● **Extracted material**
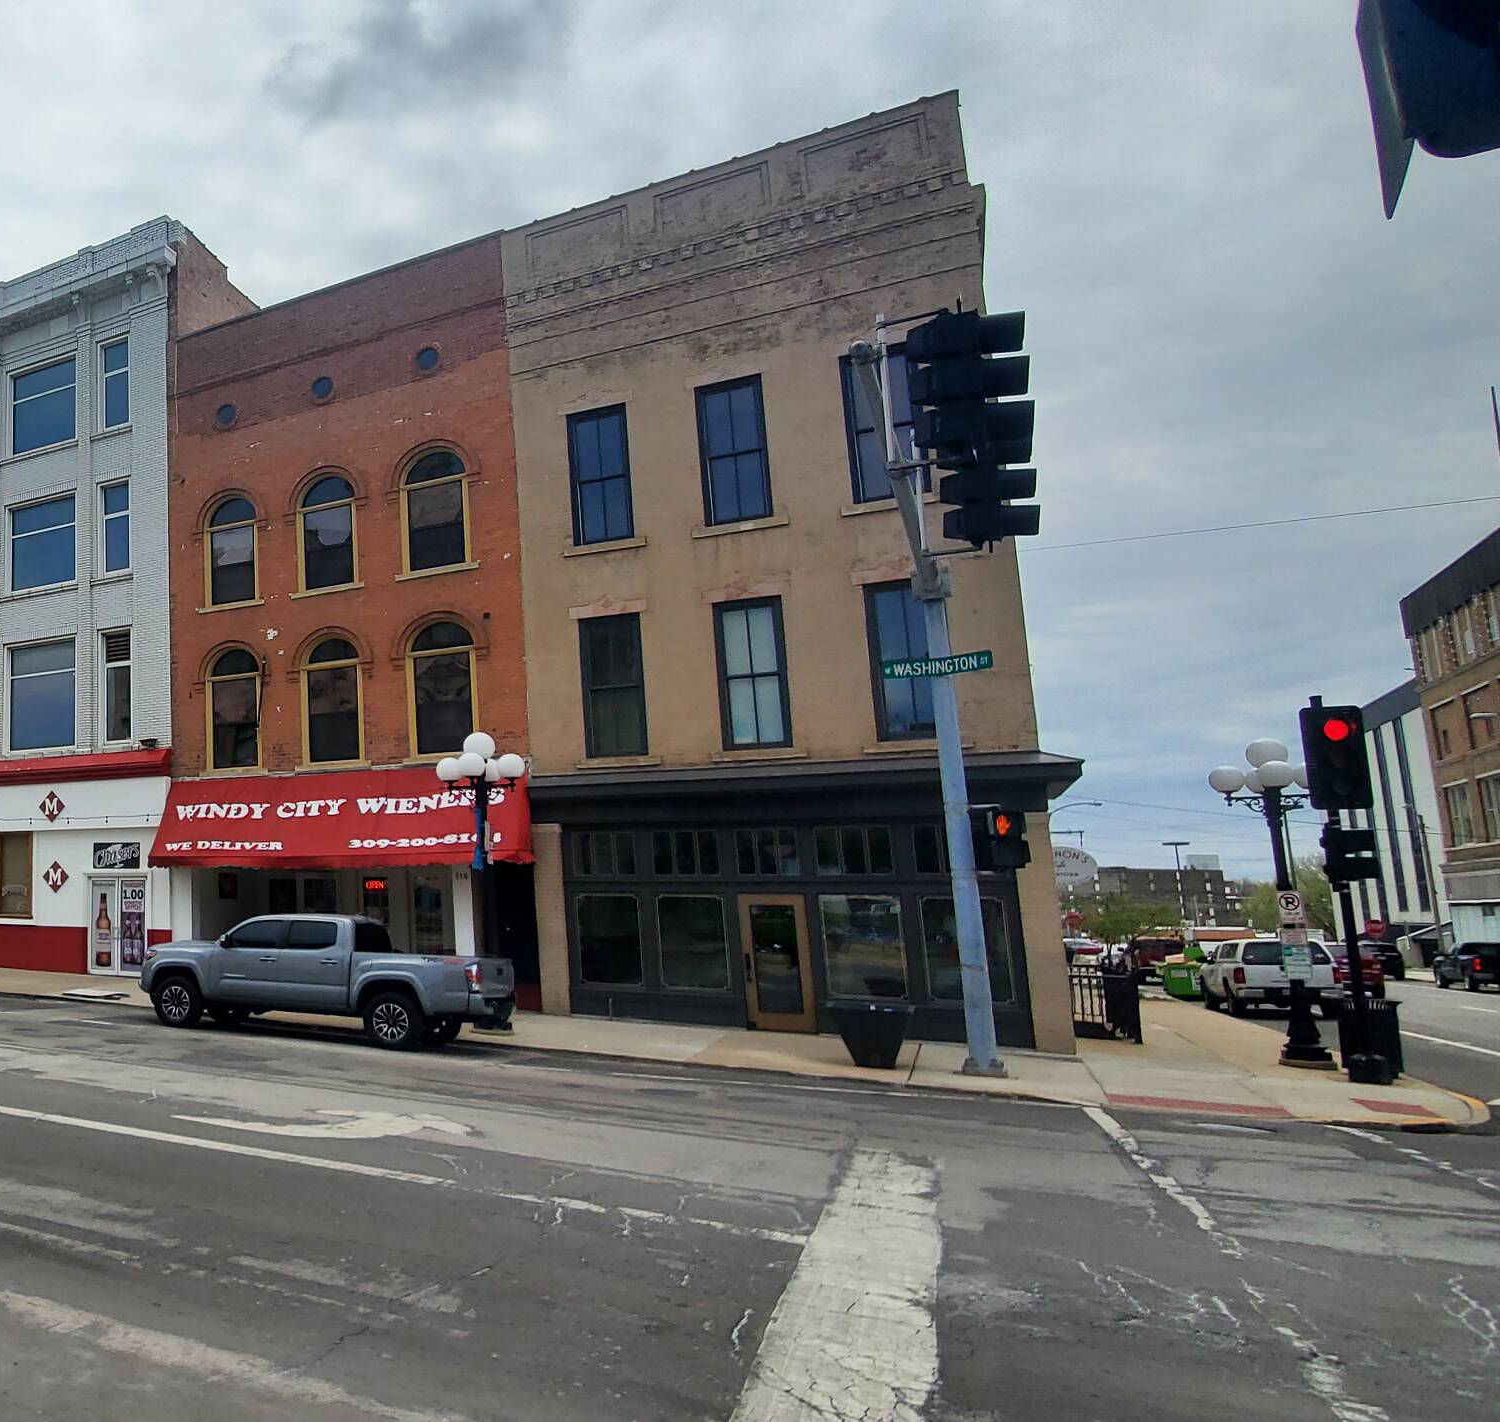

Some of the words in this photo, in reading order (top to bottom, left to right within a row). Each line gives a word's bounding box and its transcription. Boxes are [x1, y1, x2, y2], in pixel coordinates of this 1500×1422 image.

[893, 655, 978, 677] WASHINGTON
[980, 656, 989, 665] ST
[176, 803, 270, 821] WINDY
[276, 799, 347, 818] CITY
[165, 841, 193, 851] WE
[196, 840, 283, 850] DELIVER
[94, 843, 139, 868] Chasers
[365, 880, 384, 890] OPEN
[123, 889, 144, 900] 1.00
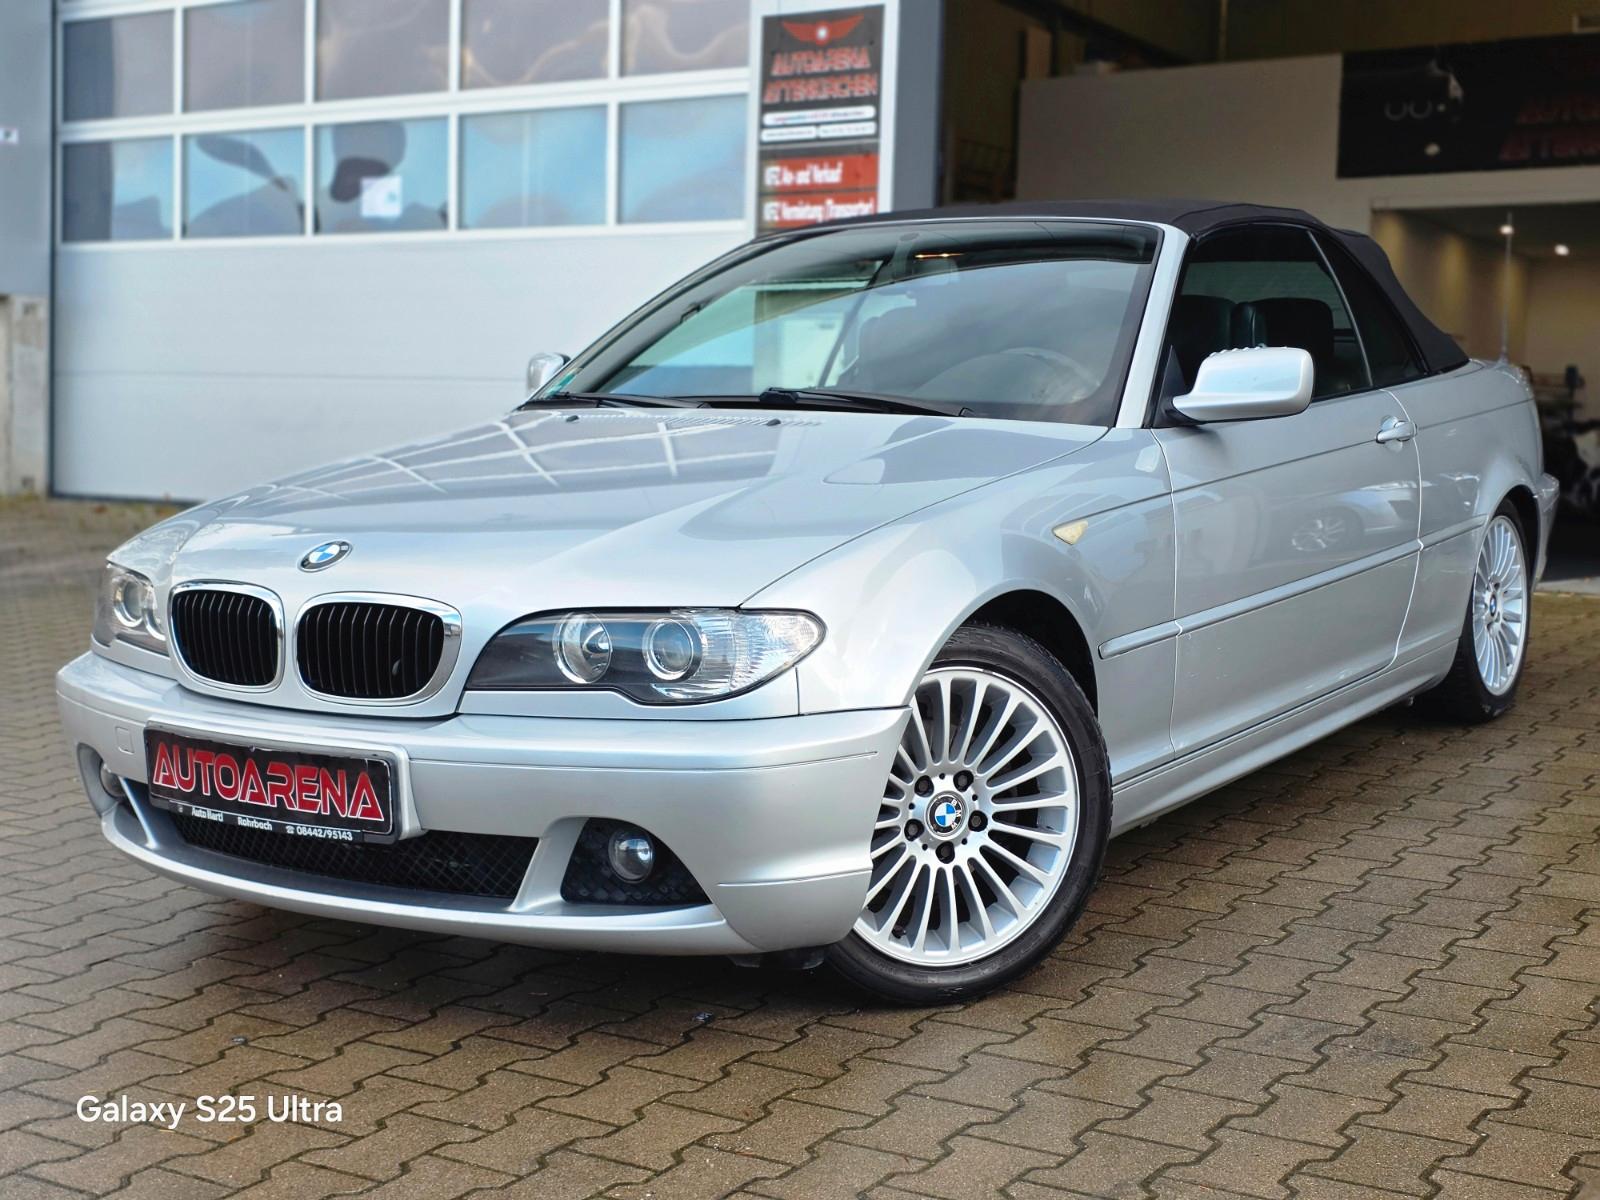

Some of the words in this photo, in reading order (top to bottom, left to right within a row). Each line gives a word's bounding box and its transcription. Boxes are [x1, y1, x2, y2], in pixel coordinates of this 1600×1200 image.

[153, 741, 384, 821] AUTOARENA
[238, 816, 273, 830] Rohrbach
[296, 826, 353, 842] 08442/95143
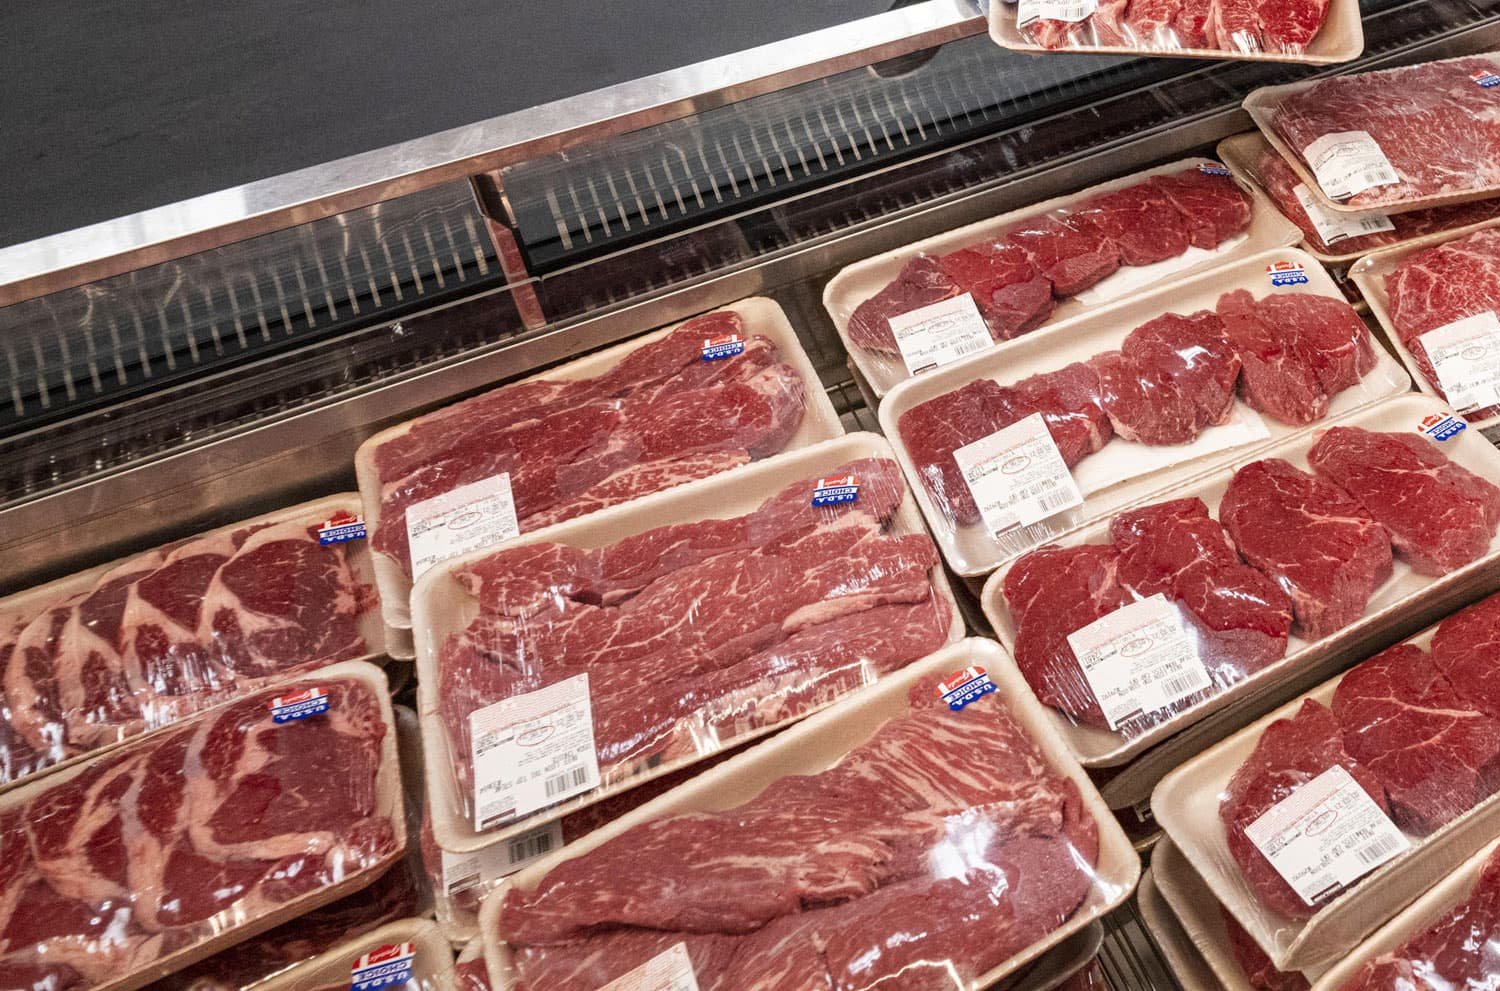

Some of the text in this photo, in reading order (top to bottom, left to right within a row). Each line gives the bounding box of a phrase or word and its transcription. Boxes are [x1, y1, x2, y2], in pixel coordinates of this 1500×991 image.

● **Problem requirements**
Every line above should be output exactly, except for the pictures.

● **Response**
Some of the words in this photo, in reading order (top to bottom, left to right within a row). Each line gives a word's bounding box and its transcription. Boxes are [x1, y1, x2, y2], in pixel coordinates of this 1500×1422 image.

[893, 655, 978, 677] WASHINGTON
[980, 656, 989, 665] ST
[176, 803, 270, 821] WINDY
[276, 799, 347, 818] CITY
[165, 841, 193, 851] WE
[196, 840, 283, 850] DELIVER
[94, 843, 139, 868] Chasers
[365, 880, 384, 890] OPEN
[123, 889, 144, 900] 1.00

Some of the words in this photo, in reading order (top to bottom, left to right within a row). Each line gives a word's bounding box and its transcription. Boxes are [x1, y1, x2, y2], in pixel coordinates of this 1600×1200 image.

[153, 741, 384, 821] AUTOARENA
[238, 816, 273, 830] Rohrbach
[296, 826, 353, 842] 08442/95143

Some of the text in this photo, in reading order (top to bottom, left to right within a row). Each line gives the bounding box of a phrase or word and its transcription. Boxes are [x1, y1, x2, y2], in pixel coordinates of this 1500×991 image.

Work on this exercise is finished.